Dec 15th, 2022: [EN] NLP: Using a Question Answering model to talk to your favorite Christmas song

Natural language processing (NLP) is the branch of artificial intelligence (AI) that aims to understand human language as close as possible to human interpretation by combining computational linguistics with statistical, machine learning and deep learning models.

One of the biggest challenges of NLP was the process of pre-training text data taking into account the variety of language representations.

In 2018, Google sourced a new technique for pre-training NLP called BERT (Bidirectional Encoder Representations from Transformers), no longer requiring data to be processed in any fixed order, allowing training on larger amounts of data and an increased ability to understand context and ambiguity in language.
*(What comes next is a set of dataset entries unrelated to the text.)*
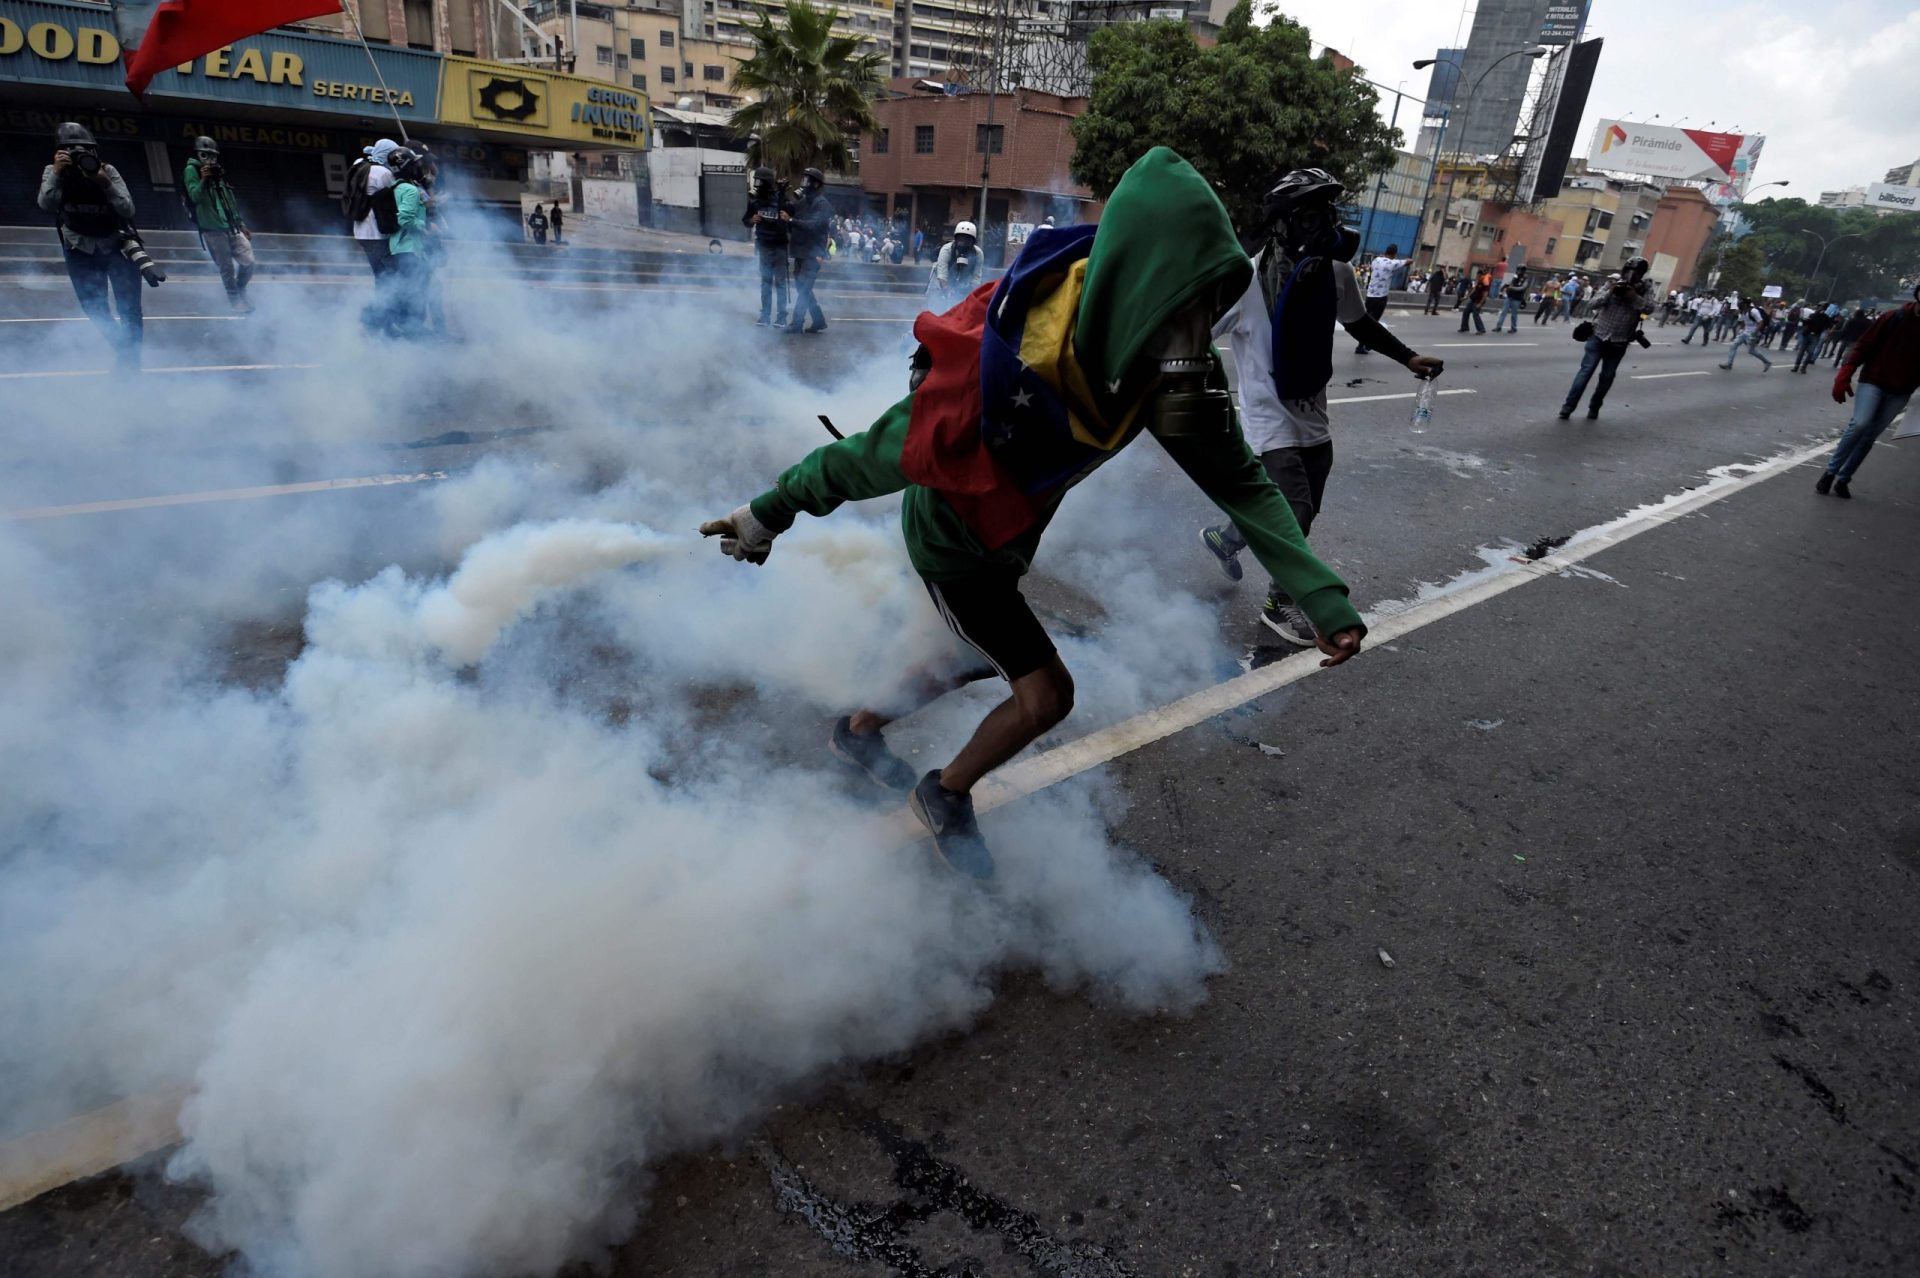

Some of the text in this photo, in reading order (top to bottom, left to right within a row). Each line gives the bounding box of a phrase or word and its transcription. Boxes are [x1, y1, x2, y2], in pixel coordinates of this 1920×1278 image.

[313, 80, 415, 107] SERTECA
[588, 88, 639, 110] GRUPO
[571, 102, 643, 133] INVICTA
[182, 122, 329, 149] ALINEACION
[1878, 192, 1916, 205] billboard
Like any other pre-training process, the more data the better. Therefore, unlabeled text datasets such as the entire English Wikipedia were used. And then pre-training serves as a layer of "knowledge" to build from.
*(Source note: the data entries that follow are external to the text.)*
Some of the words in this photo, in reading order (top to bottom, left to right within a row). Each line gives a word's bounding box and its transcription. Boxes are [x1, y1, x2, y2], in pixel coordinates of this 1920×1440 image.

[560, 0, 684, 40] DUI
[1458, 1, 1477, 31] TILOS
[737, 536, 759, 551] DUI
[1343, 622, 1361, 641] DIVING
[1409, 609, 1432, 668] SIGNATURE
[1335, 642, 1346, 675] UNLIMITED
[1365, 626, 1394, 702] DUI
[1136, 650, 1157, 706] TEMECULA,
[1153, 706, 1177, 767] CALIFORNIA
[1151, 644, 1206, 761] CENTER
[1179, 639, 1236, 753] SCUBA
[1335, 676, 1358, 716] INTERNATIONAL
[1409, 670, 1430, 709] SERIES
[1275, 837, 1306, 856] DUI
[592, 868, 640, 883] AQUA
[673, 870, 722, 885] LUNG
To support models that use the same tokenizer as BERT, Elastic is supporting the PyTorch library, one of the most popular machine learning libraries that supports neural networks like the Transformer architecture that BERT uses, enabling NLP tasks and incorporating these tasks as part of your data pipeline into Elasticsearch.
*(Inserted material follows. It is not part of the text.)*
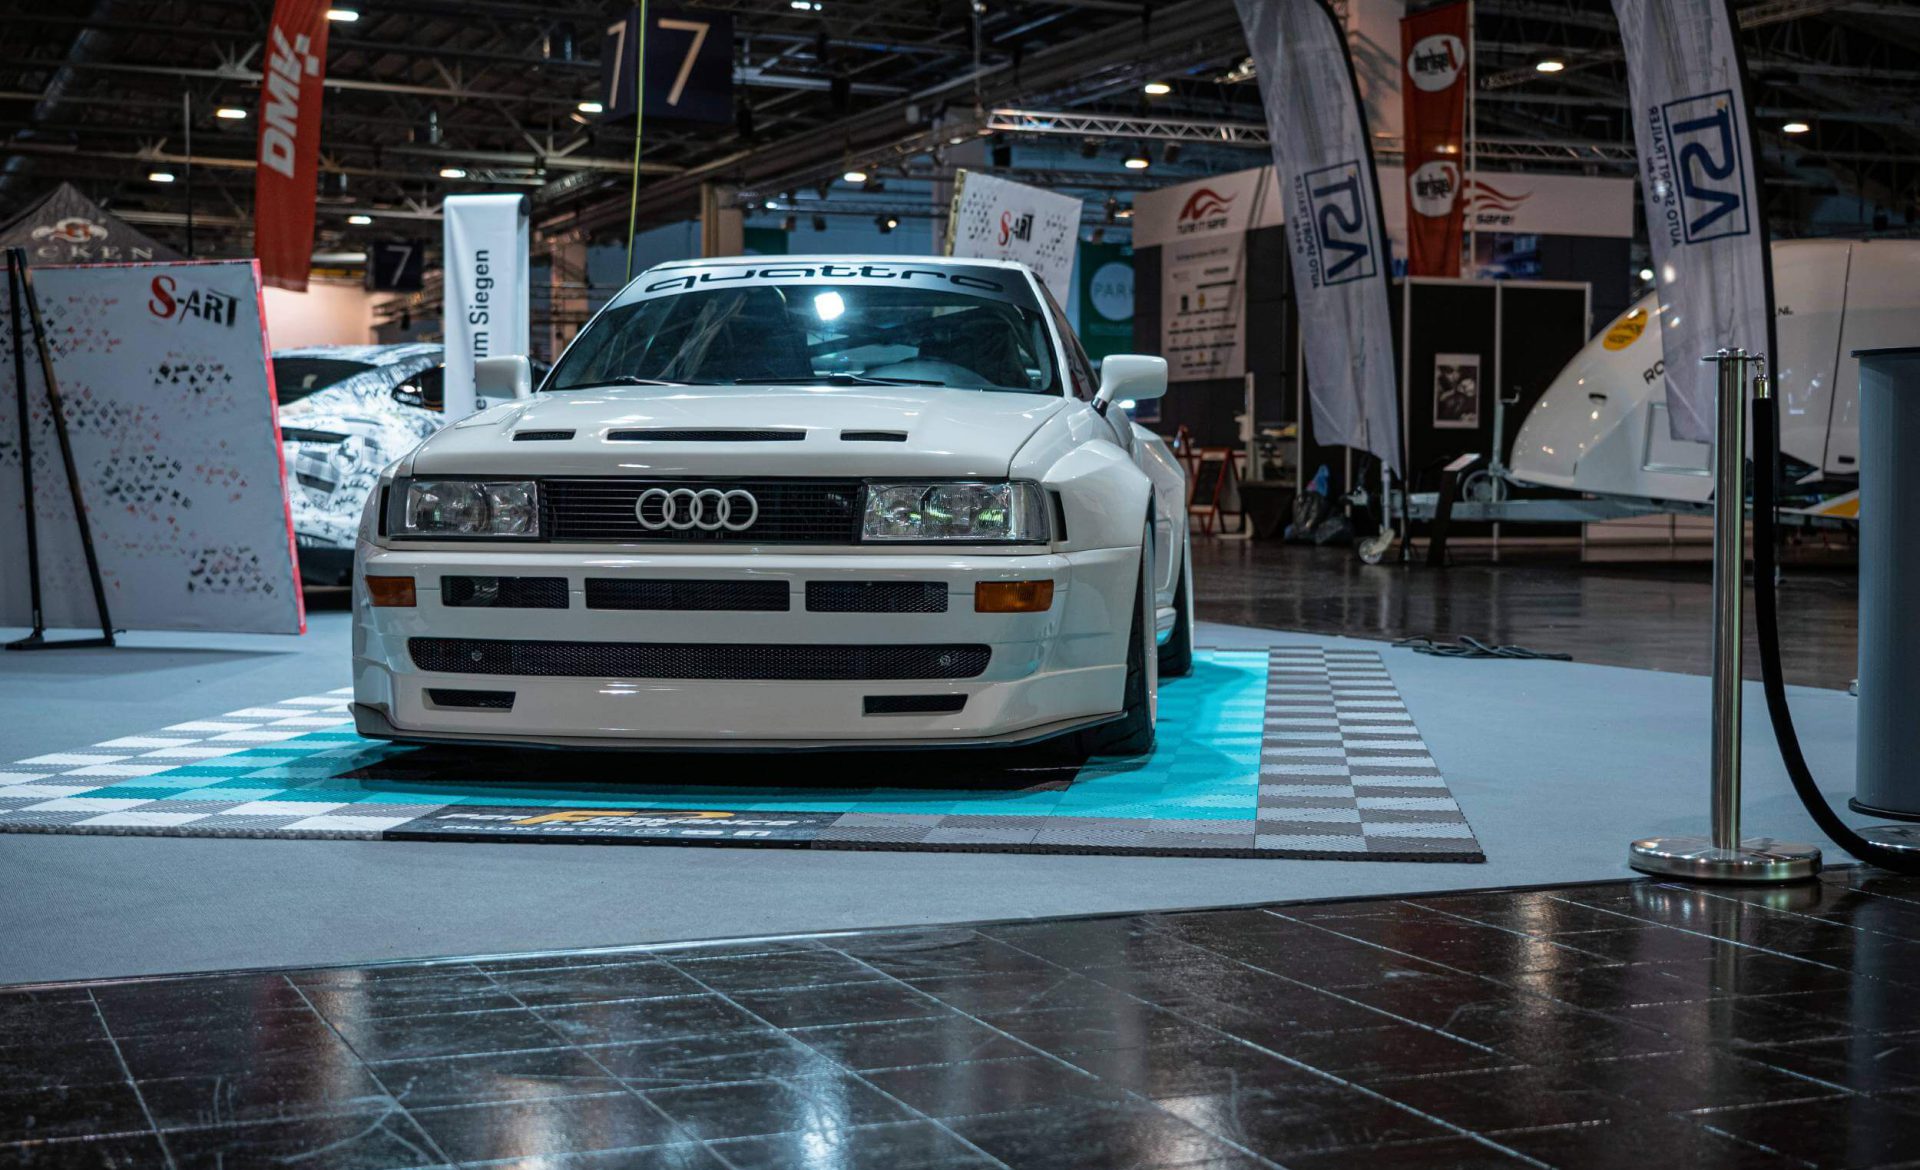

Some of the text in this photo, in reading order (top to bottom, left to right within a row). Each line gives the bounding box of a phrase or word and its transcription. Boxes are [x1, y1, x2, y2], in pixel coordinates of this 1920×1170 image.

[385, 244, 414, 287] 7
[469, 249, 495, 325] Siegen
[645, 265, 1004, 294] quattro
[148, 274, 242, 328] S-ART
In general, any trained model that has a supported architecture is deployable in Elasticsearch, including BERT and variants like:

  • RoBERTa
  • DistilBERT
  • RetriBERT
  • MobileBERT

These models are listed by NLP task.

Currently, these are the supported tasks:

  1. Named entity recognition
  2. Fill-mask
  3. Question answering
  1. Language identification
  2. Text classification
  3. Zero-shot text classification
  1. Text embedding
  2. Text similarity

As in the cases of classification and regression, when a trained model is imported you can use it to make predictions (inference).

For this demo we are going to use one of these tasks -> Information extraction: Question answering.

This task allow us to obtain answers given a context - text - and a question, extracting information from the provided text to answer the provided question.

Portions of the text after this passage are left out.